=== EXTRACTED MATERIAL ===

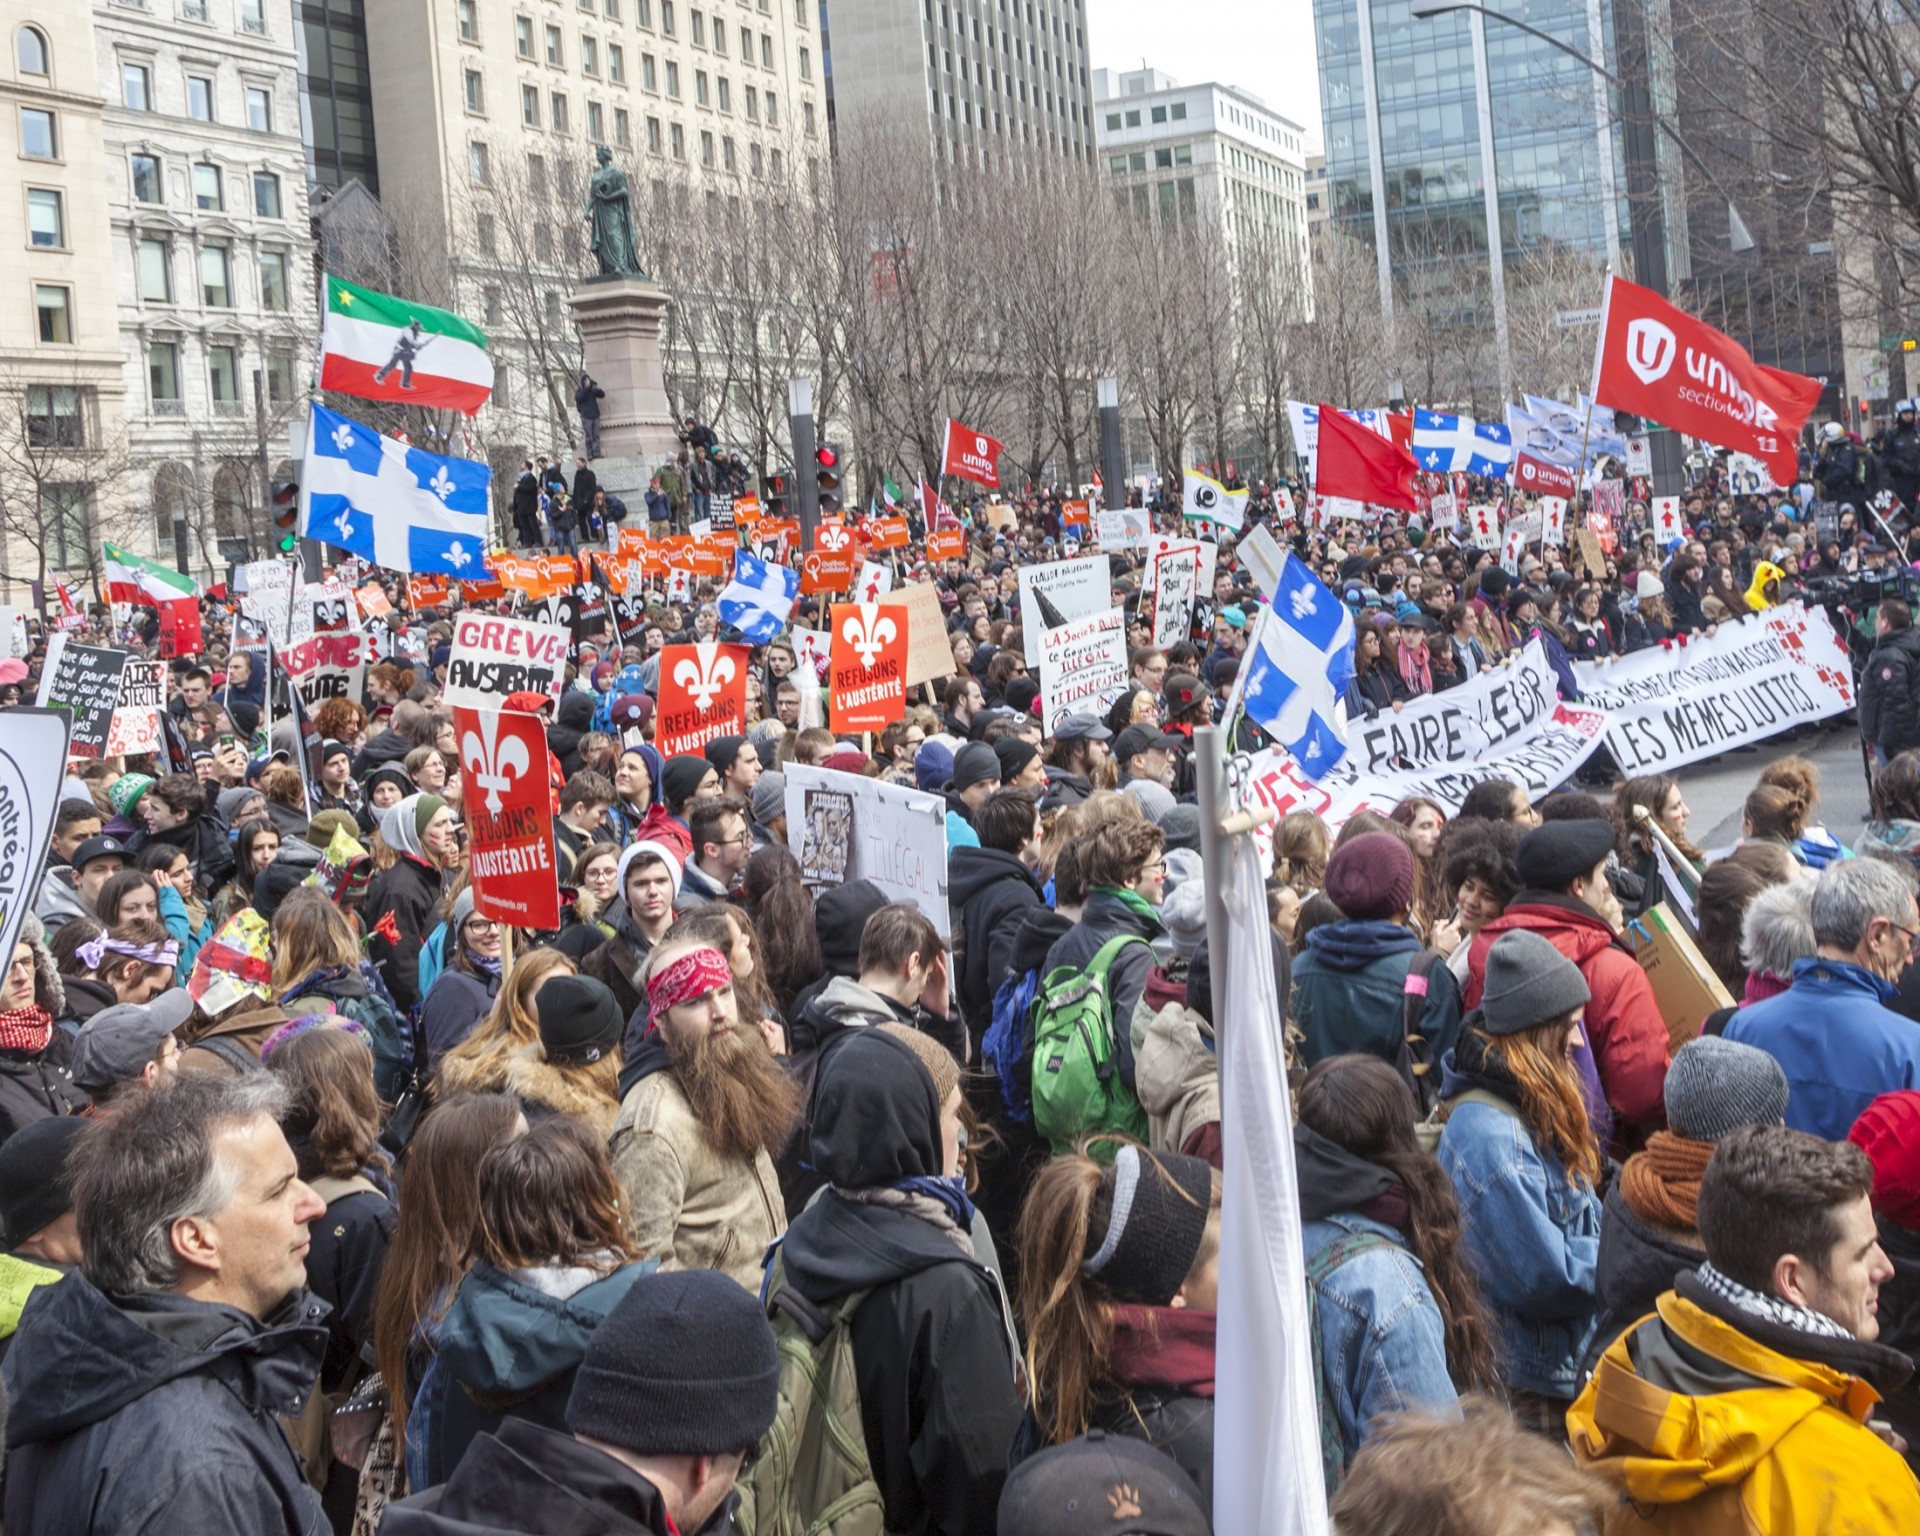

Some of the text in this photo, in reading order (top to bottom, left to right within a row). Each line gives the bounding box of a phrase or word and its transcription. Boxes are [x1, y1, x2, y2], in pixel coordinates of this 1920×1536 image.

[836, 658, 898, 690] REFUSONS
[1721, 637, 1788, 677] NAISSENT
[78, 670, 106, 684] pour
[78, 685, 98, 695] sait
[836, 676, 903, 711] L'AUSTÉRITÉ
[664, 697, 737, 735] REFUSONS
[1605, 716, 1668, 771] LES
[1663, 693, 1748, 754] MÊMES
[1733, 671, 1822, 728] LUTTES.
[663, 715, 740, 757] L'AUSTÉRITÉ
[1363, 708, 1465, 775] FAIRE
[469, 804, 540, 843] EFUSONS
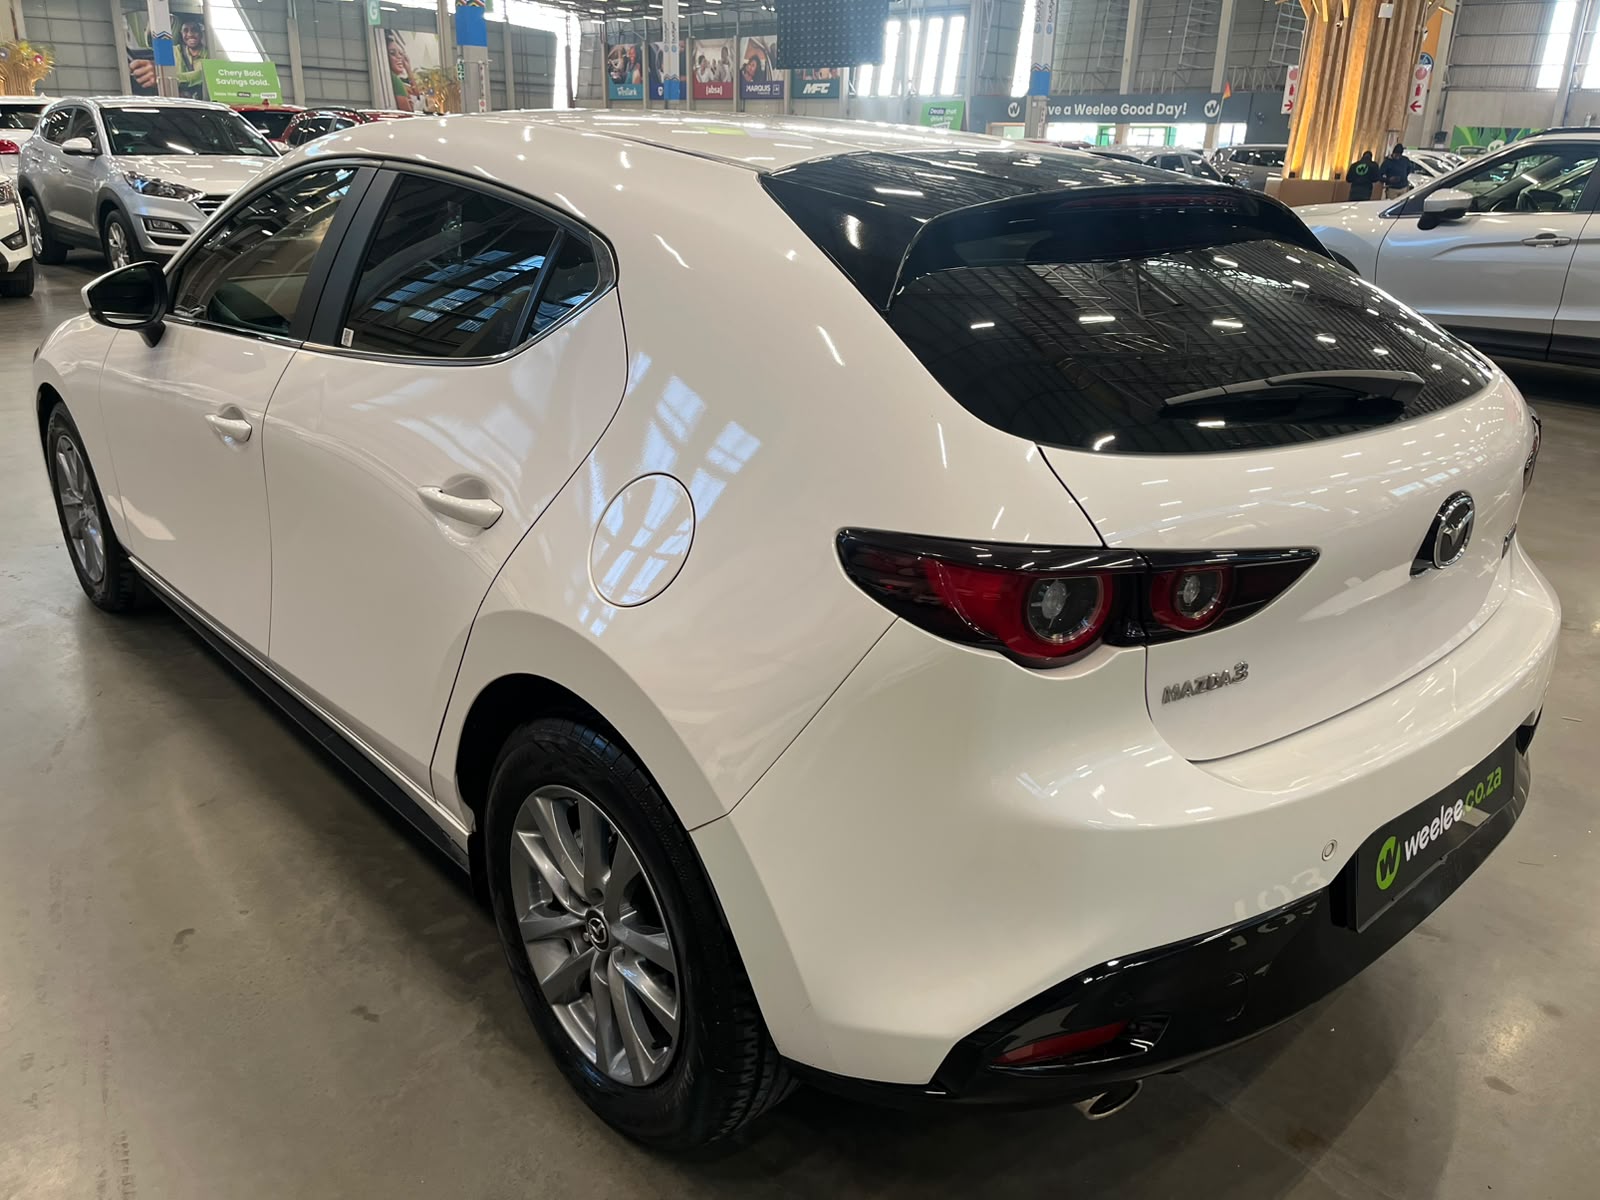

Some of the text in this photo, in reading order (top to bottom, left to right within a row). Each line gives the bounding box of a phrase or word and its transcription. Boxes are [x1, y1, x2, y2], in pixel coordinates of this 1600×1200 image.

[369, 1, 378, 20] G
[217, 68, 264, 78] Chery Bold.
[215, 78, 248, 87] Savings
[803, 83, 830, 94] MFC
[1048, 102, 1187, 119] ve a Weelee Good Day!
[1161, 661, 1249, 705] MAZDA3
[1404, 766, 1502, 862] weelee.co.za
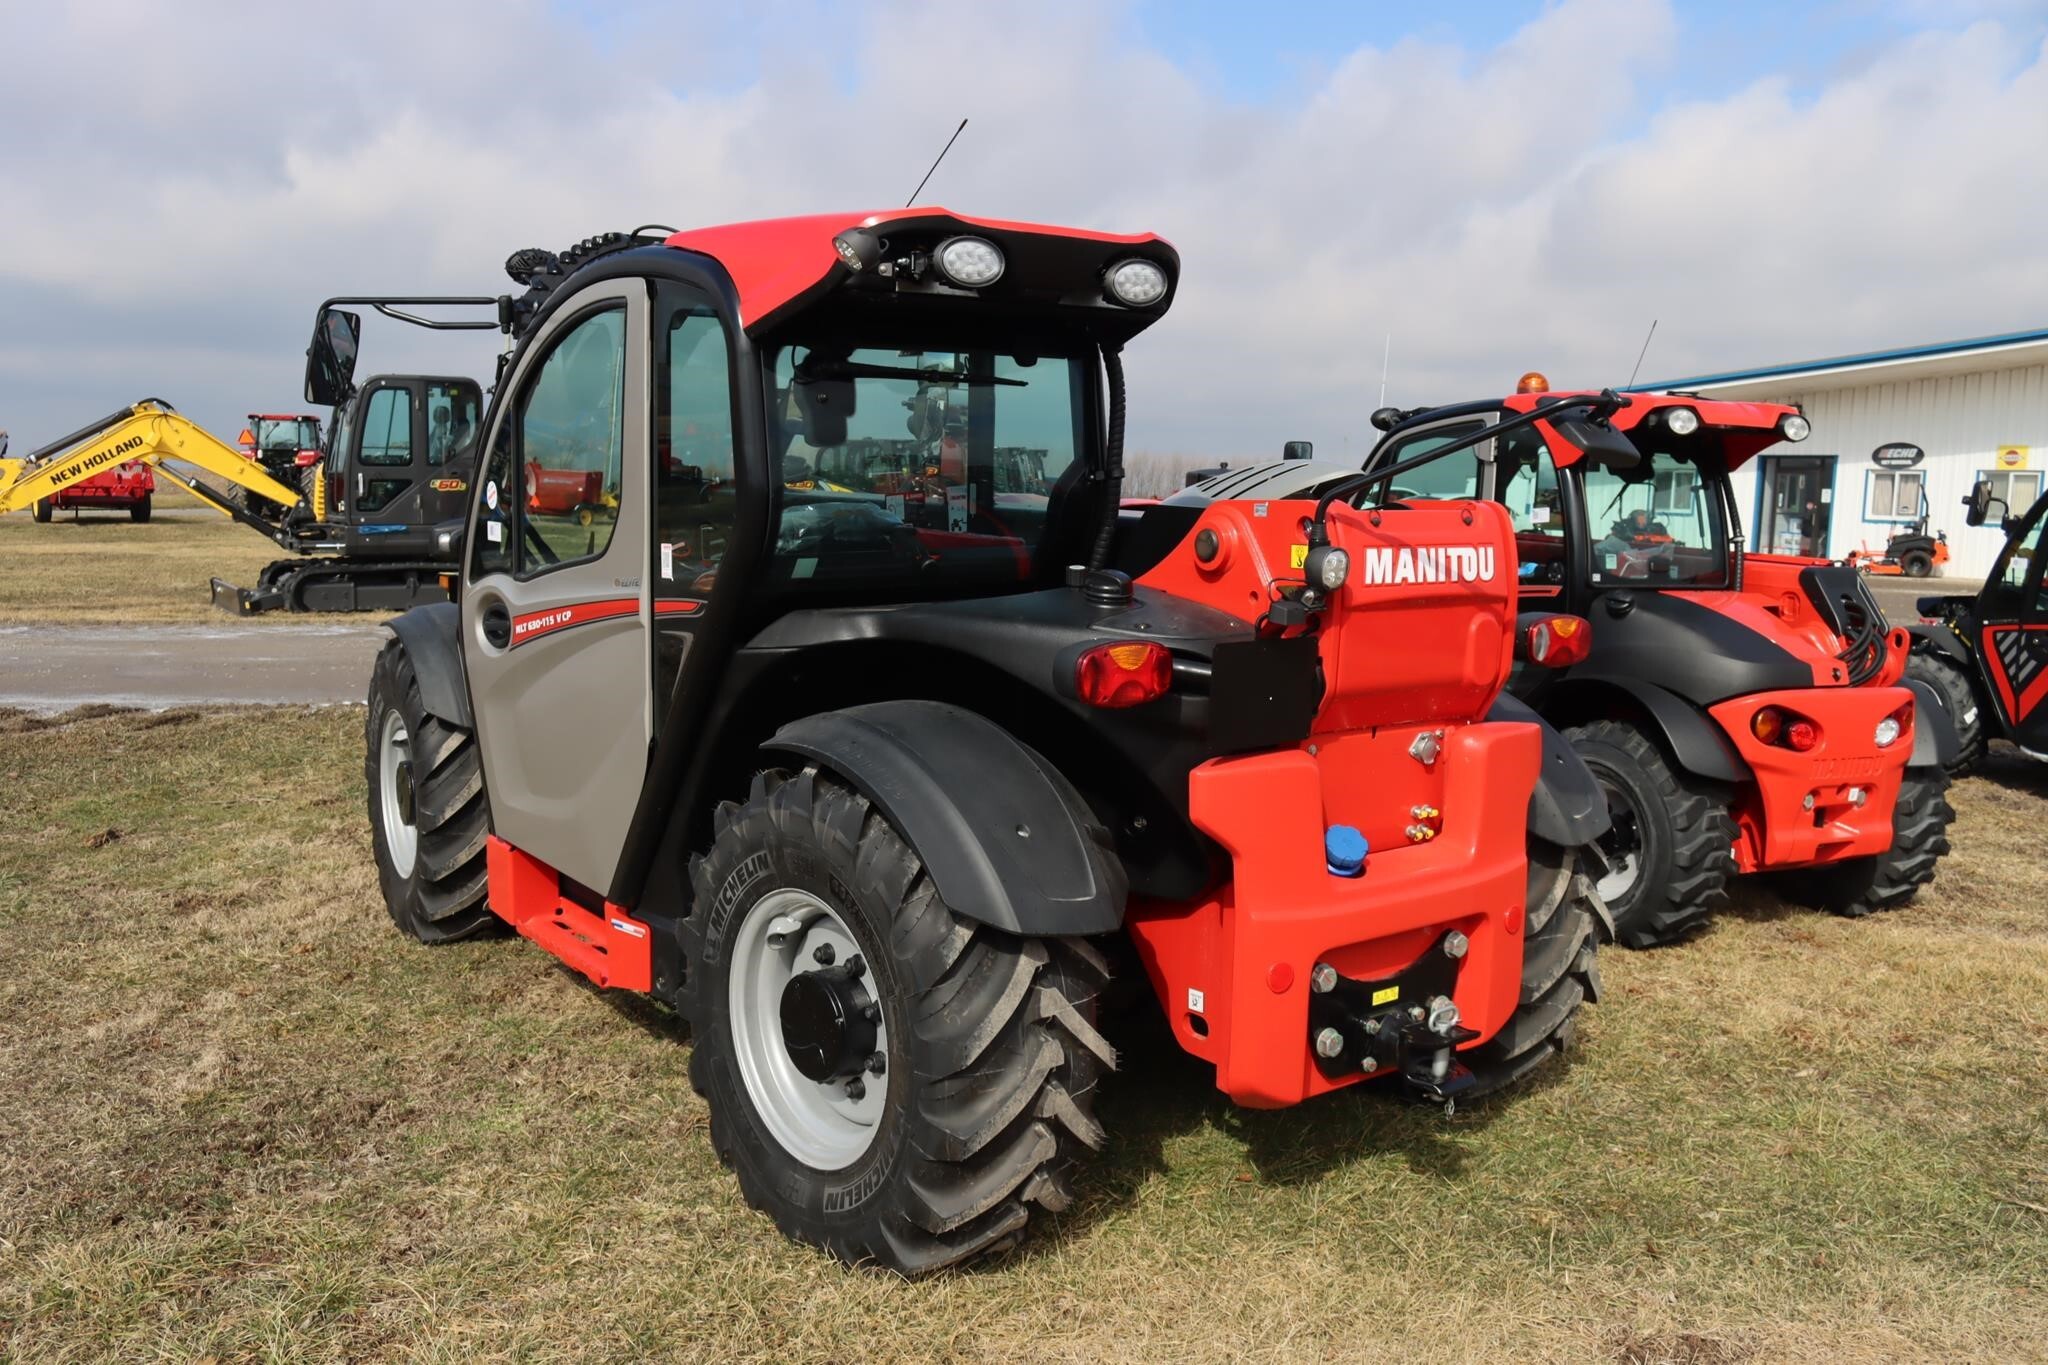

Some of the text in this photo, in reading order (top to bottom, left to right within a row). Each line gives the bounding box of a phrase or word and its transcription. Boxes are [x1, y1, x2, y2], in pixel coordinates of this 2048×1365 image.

===

ASSIGNED TASK:
Copy the records exactly, minus any pictures.

SOLUTION BELOW:
Some of the text in this photo, in reading order (top to bottom, left to right within a row). Each line gives the bounding box of a phrase or word and its transcription. Boxes are [x1, y1, x2, y2], in pixel coordinates of this 1920×1536 image.

[836, 658, 898, 690] REFUSONS
[1721, 637, 1788, 677] NAISSENT
[78, 670, 106, 684] pour
[78, 685, 98, 695] sait
[836, 676, 903, 711] L'AUSTÉRITÉ
[664, 697, 737, 735] REFUSONS
[1605, 716, 1668, 771] LES
[1663, 693, 1748, 754] MÊMES
[1733, 671, 1822, 728] LUTTES.
[663, 715, 740, 757] L'AUSTÉRITÉ
[1363, 708, 1465, 775] FAIRE
[469, 804, 540, 843] EFUSONS

Some of the text in this photo, in reading order (top to bottom, left to right within a row). Each line gives the bounding box of a phrase or word and its transcription. Boxes are [x1, y1, x2, y2], in pixel coordinates of this 1600×1200 image.

[369, 1, 378, 20] G
[217, 68, 264, 78] Chery Bold.
[215, 78, 248, 87] Savings
[803, 83, 830, 94] MFC
[1048, 102, 1187, 119] ve a Weelee Good Day!
[1161, 661, 1249, 705] MAZDA3
[1404, 766, 1502, 862] weelee.co.za

Some of the text in this photo, in reading order (top to bottom, left to right within a row). Each line gives the bounding box of a phrase or word and its transcription. Boxes are [x1, y1, x2, y2], in pixel coordinates of this 2048×1365 image.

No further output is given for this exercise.